===== Data in this exercise =====

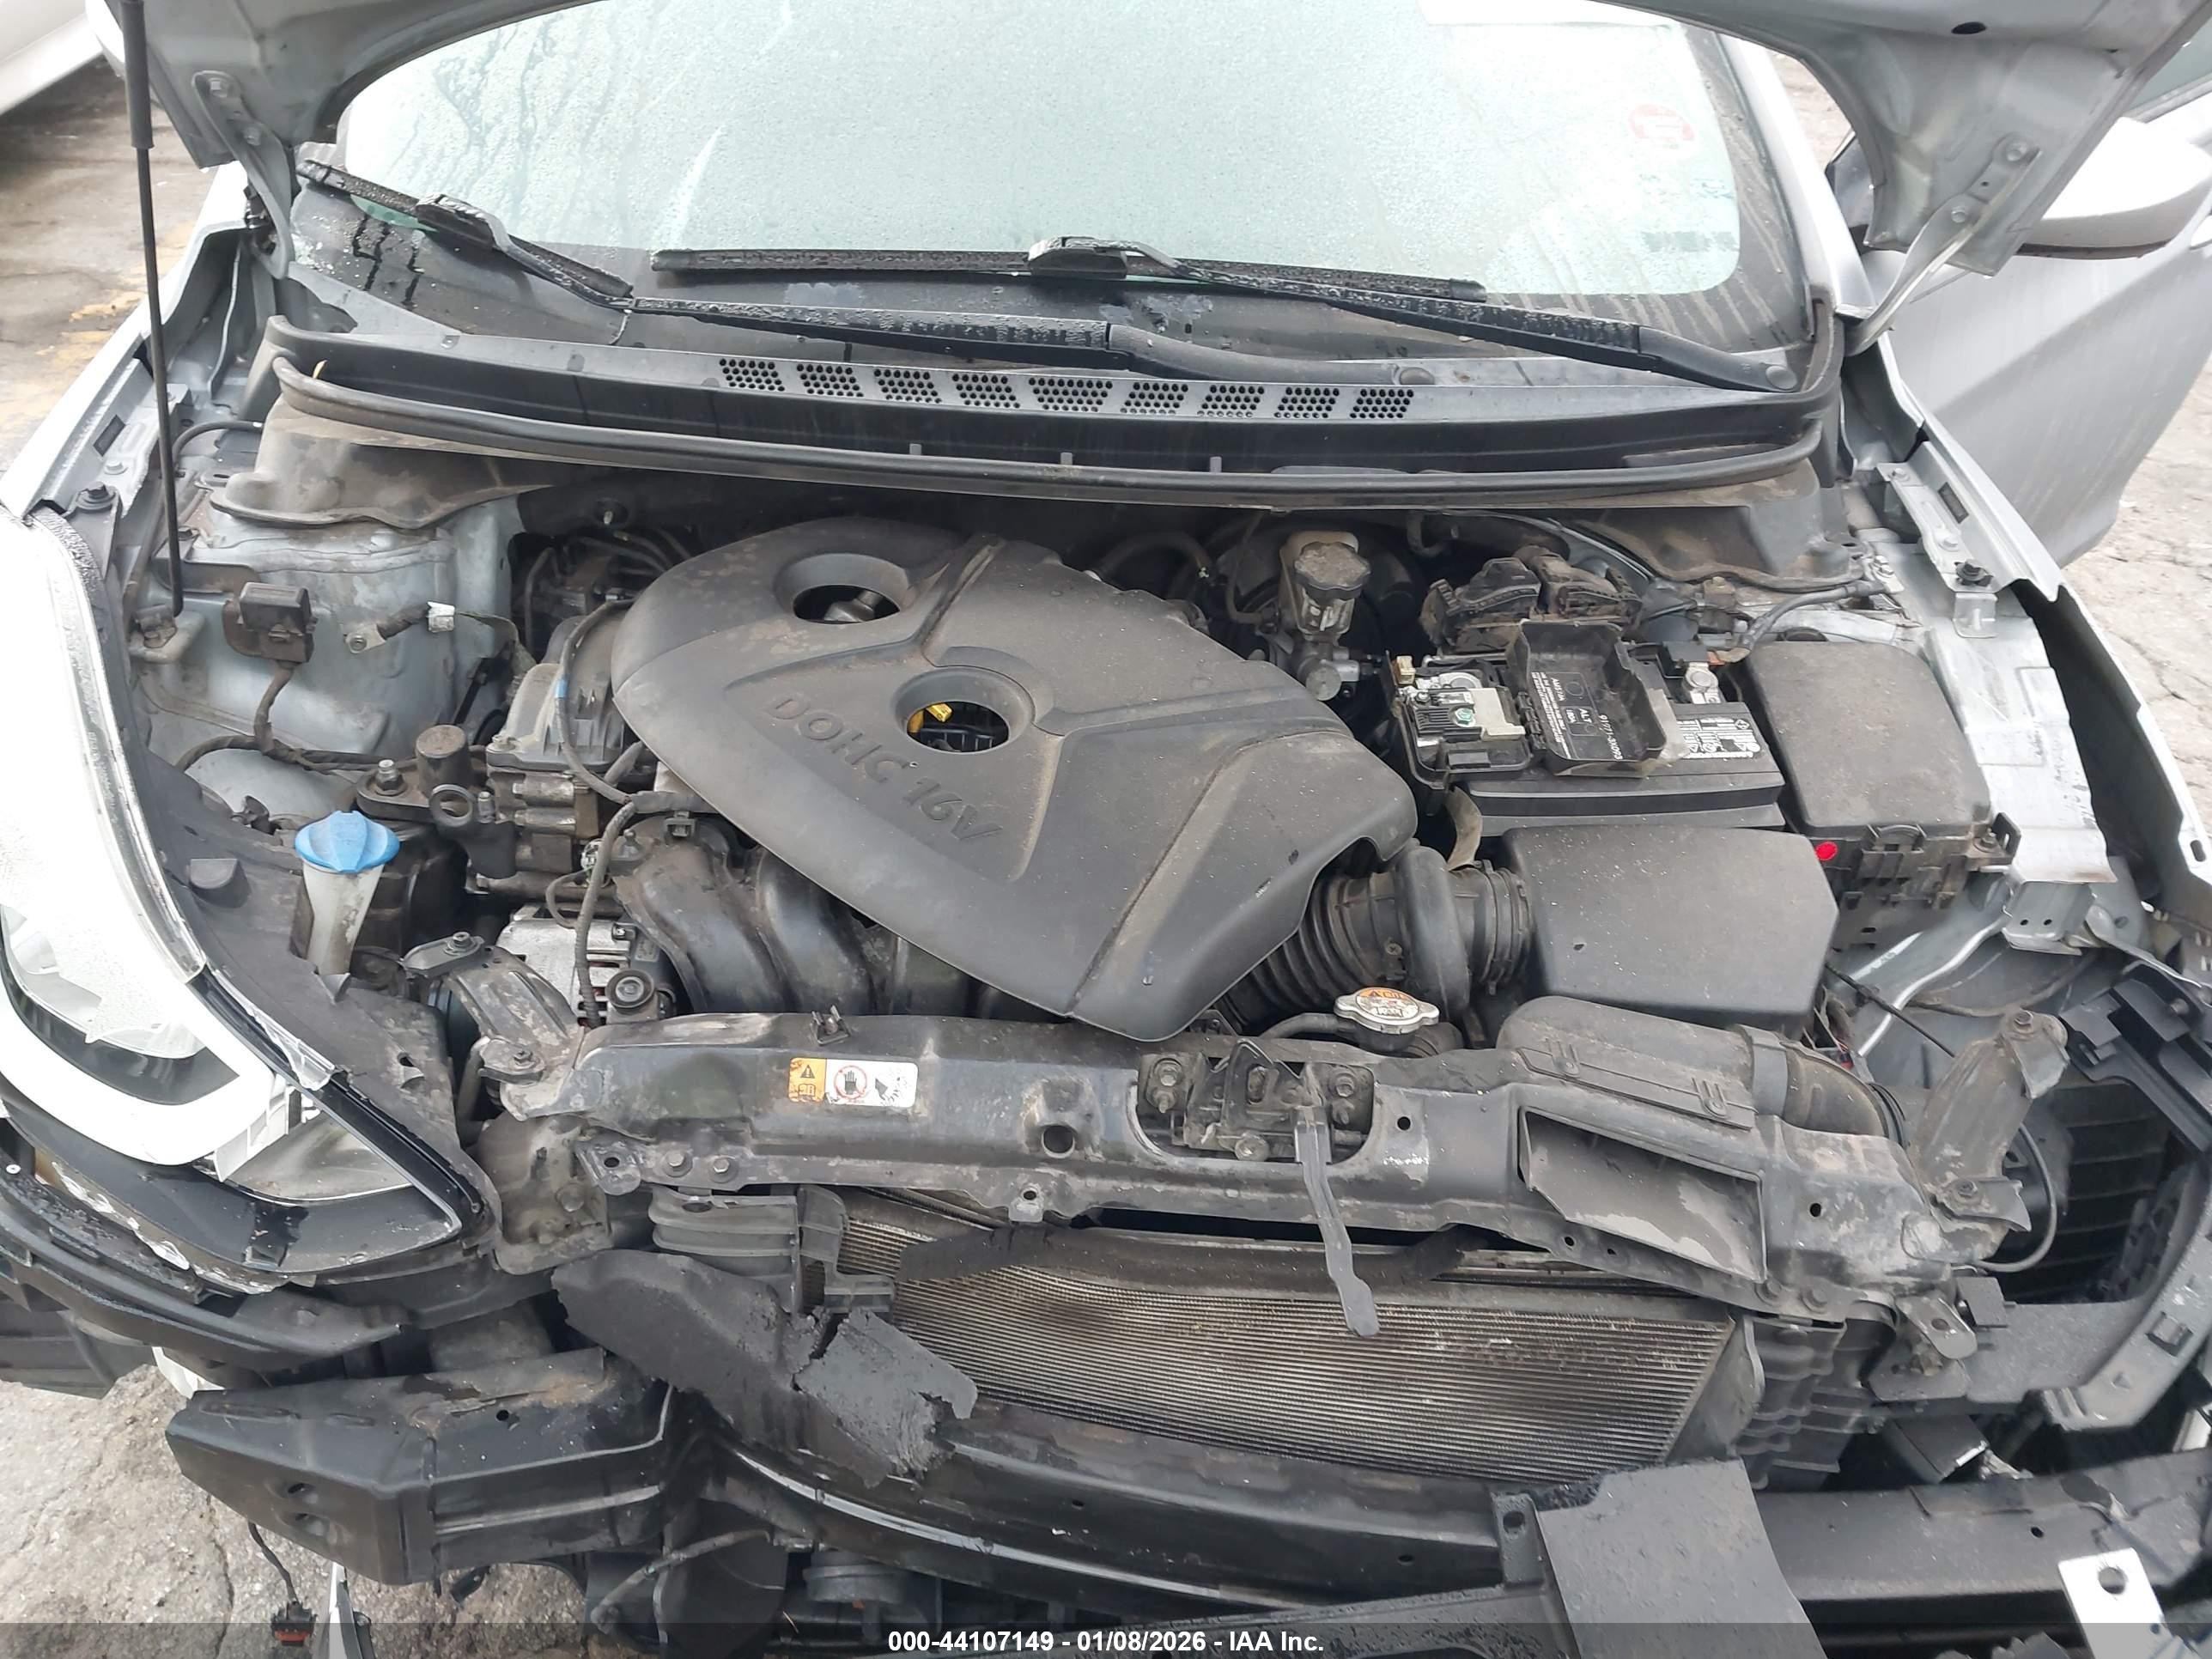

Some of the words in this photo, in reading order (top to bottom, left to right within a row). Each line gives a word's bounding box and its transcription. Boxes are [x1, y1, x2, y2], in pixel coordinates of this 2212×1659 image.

[1578, 708, 1594, 724] ALT
[766, 691, 910, 783] DOHC
[903, 776, 1003, 841] 16V
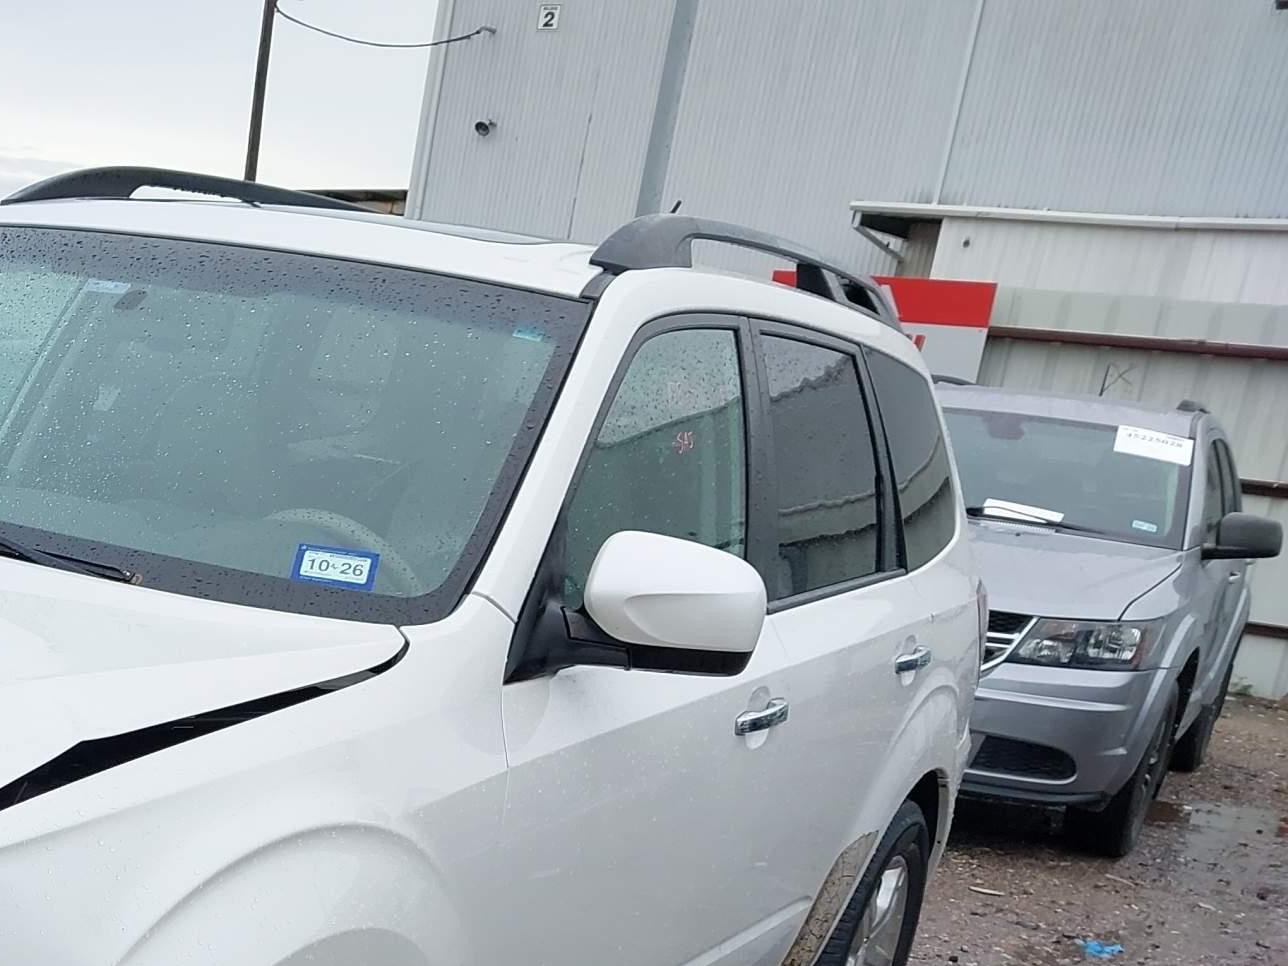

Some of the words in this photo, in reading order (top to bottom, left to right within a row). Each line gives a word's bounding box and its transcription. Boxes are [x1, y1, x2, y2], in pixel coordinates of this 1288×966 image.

[542, 11, 555, 27] 2
[307, 558, 330, 572] 10
[339, 562, 364, 577] 26

=====

Aim of the exercise:
With the pictures omitted, give every line above again exactly.

Final answer:
Some of the words in this photo, in reading order (top to bottom, left to right within a row). Each line gives a word's bounding box and its transcription. Boxes are [x1, y1, x2, y2], in pixel coordinates of this 2212×1659 image.

[1578, 708, 1594, 724] ALT
[766, 691, 910, 783] DOHC
[903, 776, 1003, 841] 16V

Some of the words in this photo, in reading order (top to bottom, left to right within a row). Each line gives a word's bounding box and its transcription. Boxes are [x1, y1, x2, y2], in pixel coordinates of this 1288×966 image.

[542, 11, 555, 27] 2
[307, 558, 330, 572] 10
[339, 562, 364, 577] 26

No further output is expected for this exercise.